* _Exercise brief_
Output every record again so that it matches the original word for word.
== Segment start ==
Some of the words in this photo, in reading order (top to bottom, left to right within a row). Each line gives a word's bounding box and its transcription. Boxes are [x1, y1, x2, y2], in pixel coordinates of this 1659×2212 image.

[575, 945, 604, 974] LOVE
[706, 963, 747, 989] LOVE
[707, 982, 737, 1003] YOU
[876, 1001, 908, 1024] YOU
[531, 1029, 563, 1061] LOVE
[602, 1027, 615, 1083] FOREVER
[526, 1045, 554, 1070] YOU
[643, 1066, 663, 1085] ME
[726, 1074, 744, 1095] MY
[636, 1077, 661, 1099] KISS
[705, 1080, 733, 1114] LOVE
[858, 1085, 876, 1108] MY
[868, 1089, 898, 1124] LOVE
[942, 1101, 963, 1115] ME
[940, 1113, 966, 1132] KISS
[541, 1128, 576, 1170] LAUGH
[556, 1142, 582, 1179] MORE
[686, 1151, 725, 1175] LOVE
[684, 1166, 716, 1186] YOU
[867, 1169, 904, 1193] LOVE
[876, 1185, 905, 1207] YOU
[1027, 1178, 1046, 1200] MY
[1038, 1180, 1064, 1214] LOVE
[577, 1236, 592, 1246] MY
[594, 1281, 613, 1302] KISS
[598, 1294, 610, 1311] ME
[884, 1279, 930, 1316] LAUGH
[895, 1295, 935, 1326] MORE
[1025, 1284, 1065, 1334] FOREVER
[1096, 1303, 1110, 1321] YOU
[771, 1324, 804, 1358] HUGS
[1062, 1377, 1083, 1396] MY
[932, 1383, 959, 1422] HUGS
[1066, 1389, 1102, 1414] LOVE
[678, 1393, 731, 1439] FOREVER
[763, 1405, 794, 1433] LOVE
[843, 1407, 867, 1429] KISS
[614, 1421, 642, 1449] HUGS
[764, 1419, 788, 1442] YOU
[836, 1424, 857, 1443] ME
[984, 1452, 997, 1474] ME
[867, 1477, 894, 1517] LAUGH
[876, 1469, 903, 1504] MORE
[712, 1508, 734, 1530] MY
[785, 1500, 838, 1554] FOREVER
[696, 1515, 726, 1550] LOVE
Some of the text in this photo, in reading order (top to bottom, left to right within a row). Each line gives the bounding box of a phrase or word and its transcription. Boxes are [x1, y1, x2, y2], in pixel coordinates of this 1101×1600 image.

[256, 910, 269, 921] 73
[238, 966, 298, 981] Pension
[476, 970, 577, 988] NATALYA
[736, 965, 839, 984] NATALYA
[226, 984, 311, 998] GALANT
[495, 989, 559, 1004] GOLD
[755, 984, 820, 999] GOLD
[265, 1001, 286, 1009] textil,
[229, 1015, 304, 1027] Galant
== Segment end ==
* _Task response_
Some of the words in this photo, in reading order (top to bottom, left to right within a row). Each line gives a word's bounding box and its transcription. Boxes are [x1, y1, x2, y2], in pixel coordinates of this 1659×2212 image.

[575, 945, 604, 974] LOVE
[706, 963, 747, 989] LOVE
[707, 982, 737, 1003] YOU
[876, 1001, 908, 1024] YOU
[531, 1029, 563, 1061] LOVE
[602, 1027, 615, 1083] FOREVER
[526, 1045, 554, 1070] YOU
[643, 1066, 663, 1085] ME
[726, 1074, 744, 1095] MY
[636, 1077, 661, 1099] KISS
[705, 1080, 733, 1114] LOVE
[858, 1085, 876, 1108] MY
[868, 1089, 898, 1124] LOVE
[942, 1101, 963, 1115] ME
[940, 1113, 966, 1132] KISS
[541, 1128, 576, 1170] LAUGH
[556, 1142, 582, 1179] MORE
[686, 1151, 725, 1175] LOVE
[684, 1166, 716, 1186] YOU
[867, 1169, 904, 1193] LOVE
[876, 1185, 905, 1207] YOU
[1027, 1178, 1046, 1200] MY
[1038, 1180, 1064, 1214] LOVE
[577, 1236, 592, 1246] MY
[594, 1281, 613, 1302] KISS
[598, 1294, 610, 1311] ME
[884, 1279, 930, 1316] LAUGH
[895, 1295, 935, 1326] MORE
[1025, 1284, 1065, 1334] FOREVER
[1096, 1303, 1110, 1321] YOU
[771, 1324, 804, 1358] HUGS
[1062, 1377, 1083, 1396] MY
[932, 1383, 959, 1422] HUGS
[1066, 1389, 1102, 1414] LOVE
[678, 1393, 731, 1439] FOREVER
[763, 1405, 794, 1433] LOVE
[843, 1407, 867, 1429] KISS
[614, 1421, 642, 1449] HUGS
[764, 1419, 788, 1442] YOU
[836, 1424, 857, 1443] ME
[984, 1452, 997, 1474] ME
[867, 1477, 894, 1517] LAUGH
[876, 1469, 903, 1504] MORE
[712, 1508, 734, 1530] MY
[785, 1500, 838, 1554] FOREVER
[696, 1515, 726, 1550] LOVE
Some of the text in this photo, in reading order (top to bottom, left to right within a row). Each line gives the bounding box of a phrase or word and its transcription. Boxes are [x1, y1, x2, y2], in pixel coordinates of this 1101×1600 image.

[256, 910, 269, 921] 73
[238, 966, 298, 981] Pension
[476, 970, 577, 988] NATALYA
[736, 965, 839, 984] NATALYA
[226, 984, 311, 998] GALANT
[495, 989, 559, 1004] GOLD
[755, 984, 820, 999] GOLD
[265, 1001, 286, 1009] textil,
[229, 1015, 304, 1027] Galant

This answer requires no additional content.